▸ **WHAT THE EXERCISE ASKS**: Reproduce all of the data exactly, with no line skipped.

(Records from a collection)
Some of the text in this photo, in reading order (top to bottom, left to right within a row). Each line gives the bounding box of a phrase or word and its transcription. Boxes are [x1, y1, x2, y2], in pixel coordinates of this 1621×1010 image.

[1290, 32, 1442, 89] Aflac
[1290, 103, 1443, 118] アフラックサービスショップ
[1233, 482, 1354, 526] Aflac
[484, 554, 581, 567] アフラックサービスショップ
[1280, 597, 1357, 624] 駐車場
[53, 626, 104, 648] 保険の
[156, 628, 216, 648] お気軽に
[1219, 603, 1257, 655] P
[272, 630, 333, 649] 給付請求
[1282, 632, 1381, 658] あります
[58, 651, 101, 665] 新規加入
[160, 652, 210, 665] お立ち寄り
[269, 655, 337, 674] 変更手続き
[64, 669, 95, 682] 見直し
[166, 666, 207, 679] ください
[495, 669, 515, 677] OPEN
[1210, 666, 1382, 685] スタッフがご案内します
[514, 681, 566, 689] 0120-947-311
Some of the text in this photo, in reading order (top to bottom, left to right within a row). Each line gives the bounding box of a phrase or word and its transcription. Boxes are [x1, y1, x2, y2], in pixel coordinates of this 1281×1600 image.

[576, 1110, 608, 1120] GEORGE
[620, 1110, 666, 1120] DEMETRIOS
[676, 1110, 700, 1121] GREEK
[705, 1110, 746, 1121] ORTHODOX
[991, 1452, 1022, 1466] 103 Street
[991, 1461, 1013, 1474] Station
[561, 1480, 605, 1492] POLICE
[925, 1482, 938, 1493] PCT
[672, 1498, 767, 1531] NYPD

▸ **COMPLETED TASK**:
Some of the text in this photo, in reading order (top to bottom, left to right within a row). Each line gives the bounding box of a phrase or word and its transcription. Boxes are [x1, y1, x2, y2], in pixel coordinates of this 1621×1010 image.

[1290, 32, 1442, 89] Aflac
[1290, 103, 1443, 118] アフラックサービスショップ
[1233, 482, 1354, 526] Aflac
[484, 554, 581, 567] アフラックサービスショップ
[1280, 597, 1357, 624] 駐車場
[53, 626, 104, 648] 保険の
[156, 628, 216, 648] お気軽に
[1219, 603, 1257, 655] P
[272, 630, 333, 649] 給付請求
[1282, 632, 1381, 658] あります
[58, 651, 101, 665] 新規加入
[160, 652, 210, 665] お立ち寄り
[269, 655, 337, 674] 変更手続き
[64, 669, 95, 682] 見直し
[166, 666, 207, 679] ください
[495, 669, 515, 677] OPEN
[1210, 666, 1382, 685] スタッフがご案内します
[514, 681, 566, 689] 0120-947-311
Some of the text in this photo, in reading order (top to bottom, left to right within a row). Each line gives the bounding box of a phrase or word and its transcription. Boxes are [x1, y1, x2, y2], in pixel coordinates of this 1281×1600 image.

[576, 1110, 608, 1120] GEORGE
[620, 1110, 666, 1120] DEMETRIOS
[676, 1110, 700, 1121] GREEK
[705, 1110, 746, 1121] ORTHODOX
[991, 1452, 1022, 1466] 103 Street
[991, 1461, 1013, 1474] Station
[561, 1480, 605, 1492] POLICE
[925, 1482, 938, 1493] PCT
[672, 1498, 767, 1531] NYPD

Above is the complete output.